The Lovasfalu (Equestrian Village) is an interesting world in the Hortobágy. The EPONA Ltd., bearing the name of the god of horsemen, built the village unique in Europe on the 34 ha. area near to Máta that was bought from the State Farm in 1992. The village is partly built on the river Hortobágy with 21 independent buildings (originally 84 was planned). The houses are self-contained with their own stables. Their studs mean the top of breeding sport-horses. The native horse of Hortobágy, the Nóniusz, is also bred here. The qualified horsemen perform successful horse-shows abroad and in Hungary as well. The Hungarian public accepted the project built on home and foreign capital costs, with mingled feelings: it is considered necessary, but irrelevant in this area.

Fishing the waters of the Hortobágy

Three rivers of the Hortobágy is considered to be important: the Hortobágy, the Árkus and the Kadarcs. As a fourth one, the Tisza can be mentioned even if it only touches the north-western corner of the Ohat puszta by a 1200-metre-long stretch. Besides these, several natural ponds and streams could be found in the area before the river regulation, which served as fishing places. Among these, the Herep, the Nagymorotva and the Völgyes should be mentioned as the most important ones in the outskirts of Ohat.

The river Hortobágy is the most important fishing-water that is fed by the outflows of the Tisza and wild-waters. The diploma from 1248 refers to its former importance mentioning the donated fishing-place by the road to Böszörmény crossing the river. In the Middle Ages, the upper and middle parts of the Hortobágy river belonged to the villages Máta and Balmaz, while the lower part belonged to Nádudvar. János Hunyadi was the first who gave Máta and Balmaz into the use of Debrecen, together with the fishery. Later Zsigmond Báthory, the prince of Transylvania confirmed the fishery rights of Debrecen on the river. The fishery of the city on the river prevailed from Papere to Sárosér.

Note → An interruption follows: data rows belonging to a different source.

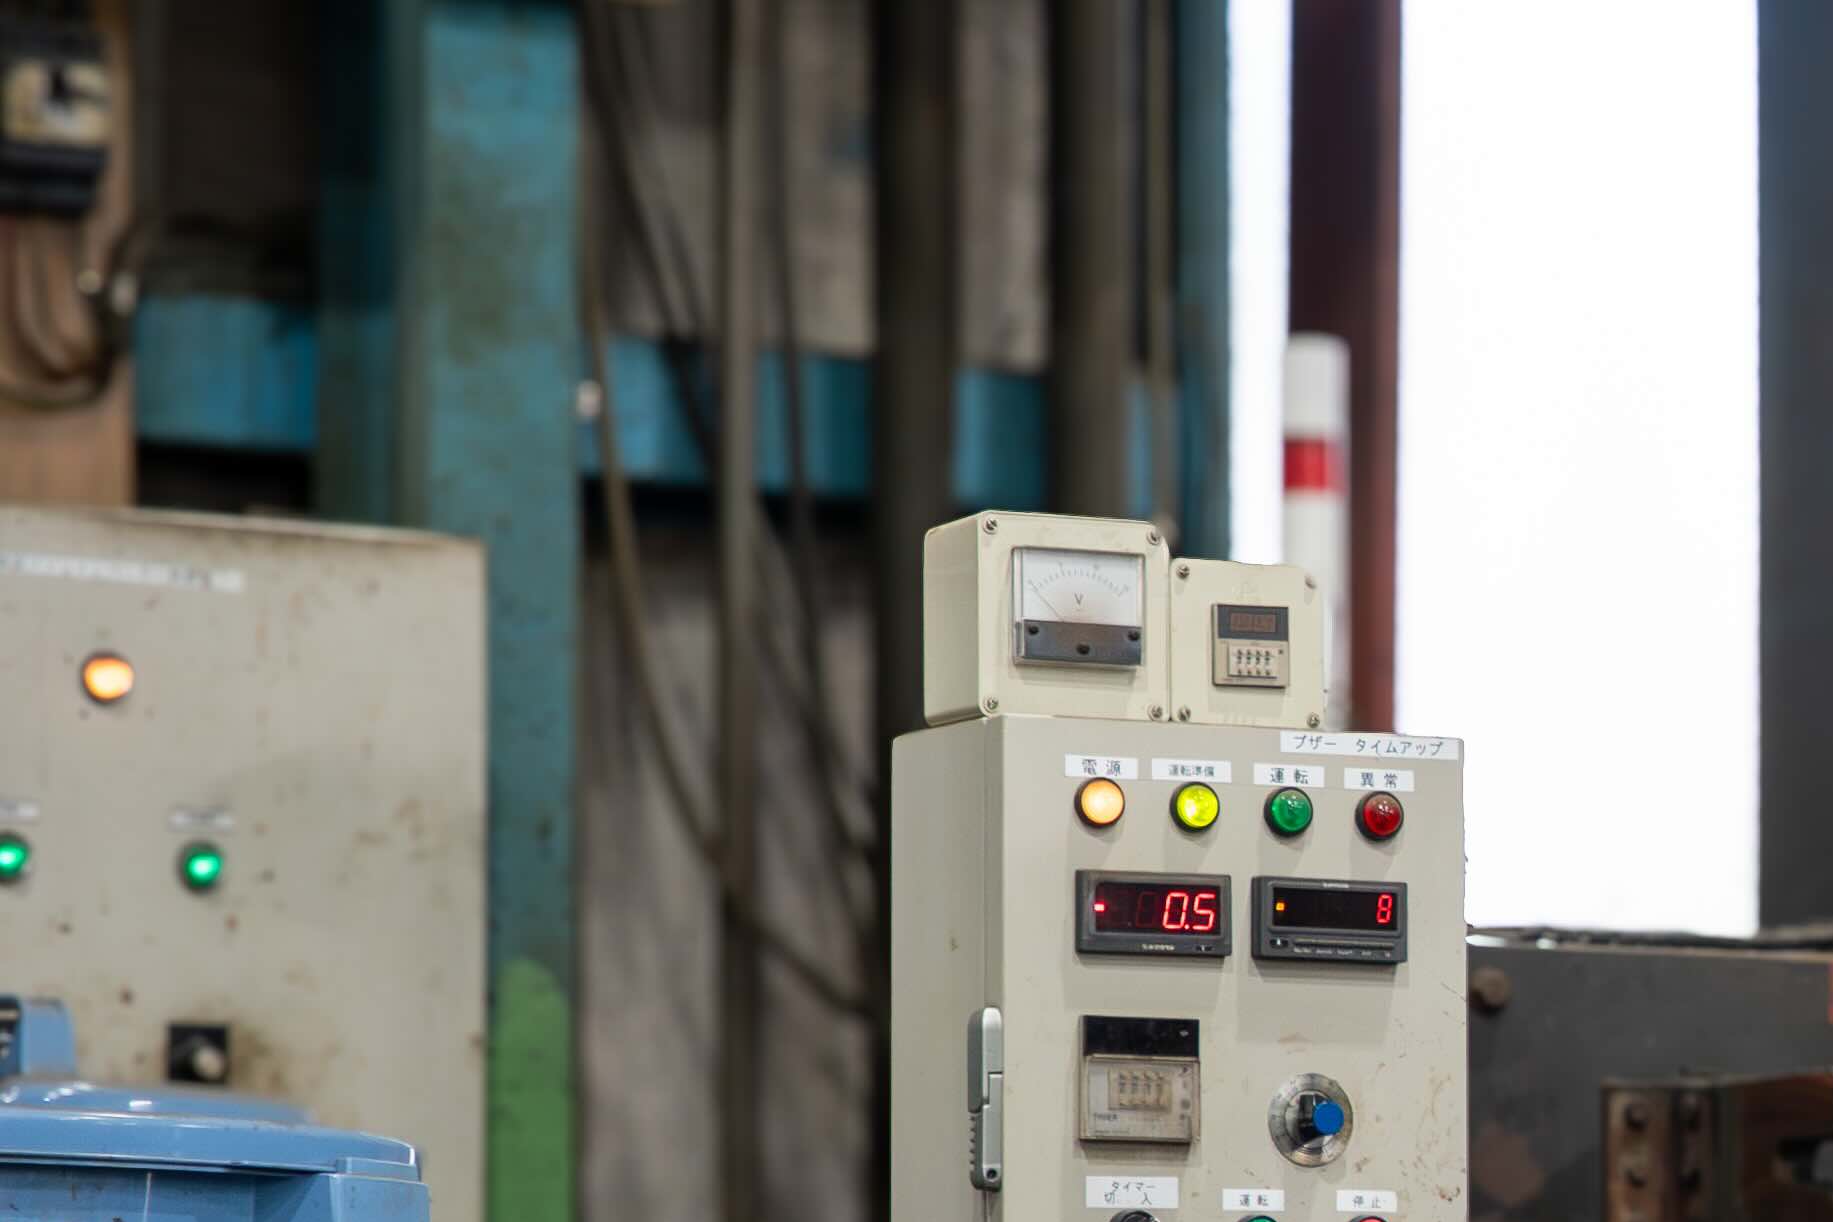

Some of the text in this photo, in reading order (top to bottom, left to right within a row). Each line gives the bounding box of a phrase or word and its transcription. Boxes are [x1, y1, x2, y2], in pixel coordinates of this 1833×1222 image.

[1293, 734, 1443, 757] ブザー タイムアップ
[1081, 759, 1122, 777] 電源
[1269, 767, 1310, 785] 運転
[1360, 772, 1399, 789] 異常
[1162, 892, 1216, 930] 0.5

The Árkus was also a good fishing-water in the 18th century. It drained the water of the Völgyes into the Hortobágy, and through the Szántásfoka it was in connection with the Tisza as well. The excavation of the linking trench for draining away the water and feeding the fish was ordained by the city of Debrecen at the beginning of the 18th century. According to the people of Csege, the Árkus was the water that the raftsmen of Máramaros used to transport salt and timber to Nádudvar when the Tisza was high.

The Kadarcs, meaning cranky, sullen water in folk-speech, divides the Hortobágy puszta from the estate of Elep. The people of Újváros used to fish this water; at the beginning of the 18th century they had a big fishing-box here.

A short stretch of the Tisza was annexed to the city of Debrecen together with the estate of Ohat. The river has always attracted the fishermen of Debrecen and was frequented in the hope of a good catch already in the 17th century. However, it was a dangerous sport even for those fishermen protected by the Turks. It happened in 1638 that János Törösdi and Ferenc Szentpéteri, or Callistus "while going to the village named Csege for fishing, were captured by the Turks of Eger, whence the senator Benedek Csontos could ransom them with great difficulties."

The three best ponds full of fish, the Herep, the Nagymorotva and the Völgyes have often been mentioned as donations since the Middle Ages. The Abbey of Ohat owned half of the Völgyes and the Nagymorotva, the other half was used by Csege. That is how it went to the ownership of Debrecen.

Among the several ponds and streams of the Hortobágy, the Papere, the Karácsonyfok, the Fényestó, the Bodajcs-ere, the Sebesér and the Sárosér were mentioned as fishing-waters by the documents. Nevertheless, these waters were only interested in fishery in the watery years. The shepherds grazing nearby reckoned with these waters, and they often fished them with the kétköz (a kind of fishing net). From the toponyms such as Csukásfenek (Pikey-bottom), Compólapos (Tench-shallow), Halasfarka (Fish-tail), Halasrét (Fish-meadow), Csíkos-ér ("Loach-brook"), one can only infer that these could have been fishing-waters kept in mind only by shepherds.

The fish-stock of the waters on the Hortobágy puszta depended on the weather. While the Tisza rambled the land freely, it also provided the supply of fish. After the regulation the waters of good spawning-grounds, ponds and brooks dried up and the significance of fishing in the waters of the Hortobágy also declined.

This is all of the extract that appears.